Large language models (LMs) tend to generate outputs that reflect undesirable features of their training data such as offensiveness, social bias, harmfulness or dishonesty. Correcting these biases and constraining LMs to be honest, helpful and harmless is an essential part of the problem of aligning LMs with human preferences (henceforth “LM alignment”). One intuitive approach to LM alignment is reinforcement learning (RL): capturing human preferences as a reward function and training the LM to maximise the reward expected under LM distribution.

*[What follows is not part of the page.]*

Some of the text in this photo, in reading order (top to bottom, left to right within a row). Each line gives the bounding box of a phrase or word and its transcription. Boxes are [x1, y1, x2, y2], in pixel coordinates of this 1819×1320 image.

A practical recipe for implementing this idea is RL from human feedback (RLHF): first, a reward model is trained to predict which of two texts a human prefers and then a pretrained LM is fine-tuned to maximise reward given by the reward model while being penalised for Kullback-Leibler (KL) divergence from its initial distribution. However, despite immense popularity of RLHF, the motivation for this KL penalty is not widely understood.

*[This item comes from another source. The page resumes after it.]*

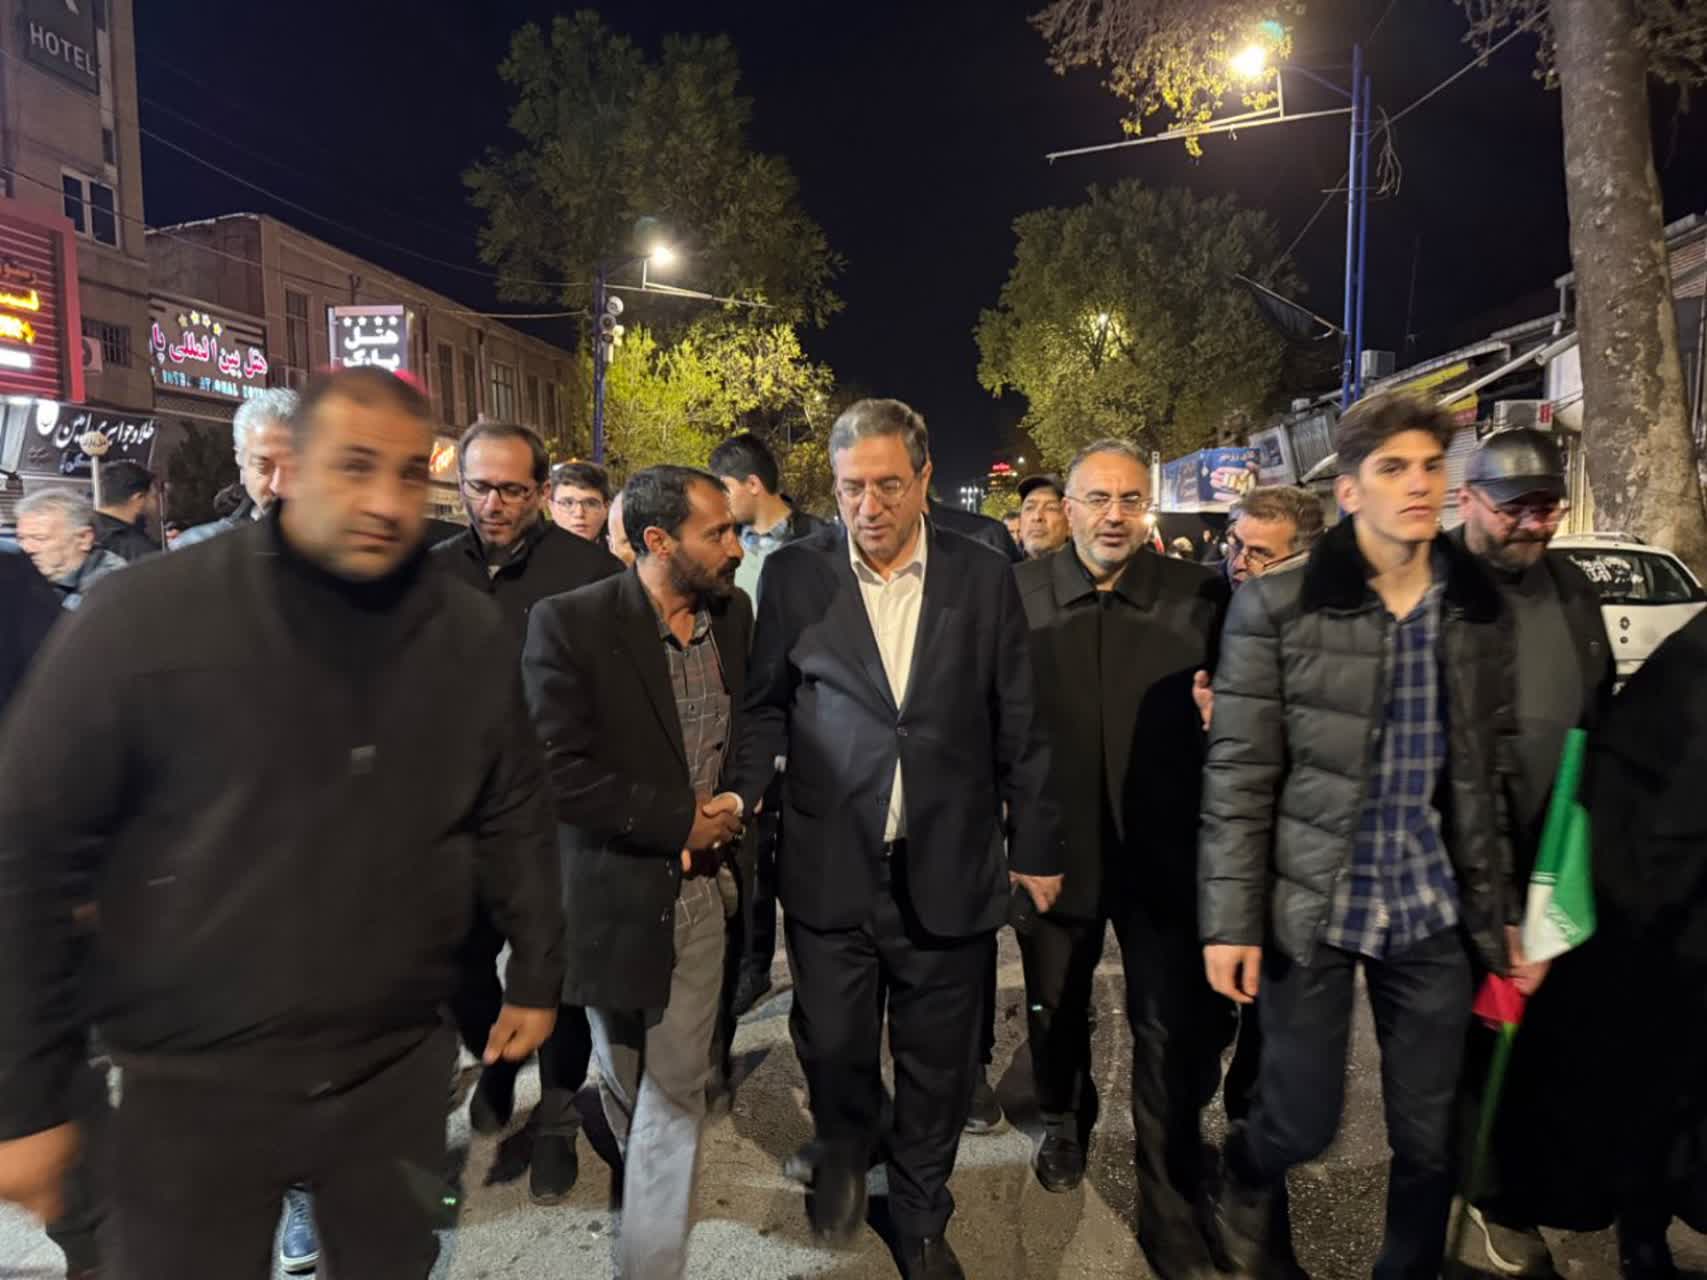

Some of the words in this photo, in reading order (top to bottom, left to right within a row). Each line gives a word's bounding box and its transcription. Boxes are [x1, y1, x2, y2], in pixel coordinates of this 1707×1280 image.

[30, 21, 96, 76] HOTEL
[169, 331, 218, 363] المللی
[344, 326, 399, 350] هتل
[218, 347, 241, 379] بین

In this blog post, I discuss an underappreciated perspective on KL-regularised RL — the objective employed by RLHF for aligning LMs — which explains its empirical success. I start with describing a problem that arises from naively applying the standard RL objective: distribution collapse. The optimal policy under the RL objective would be a minimal-entropy LM generating a small set of sequences that obtain the highest reward. Then, I discuss how KL-regularised RL avoids distribution collapse due to its KL penalty. This constraint, I argue, transforms the problem from RL to Bayesian inference: updating a prior to conform with evidence provided by the reward.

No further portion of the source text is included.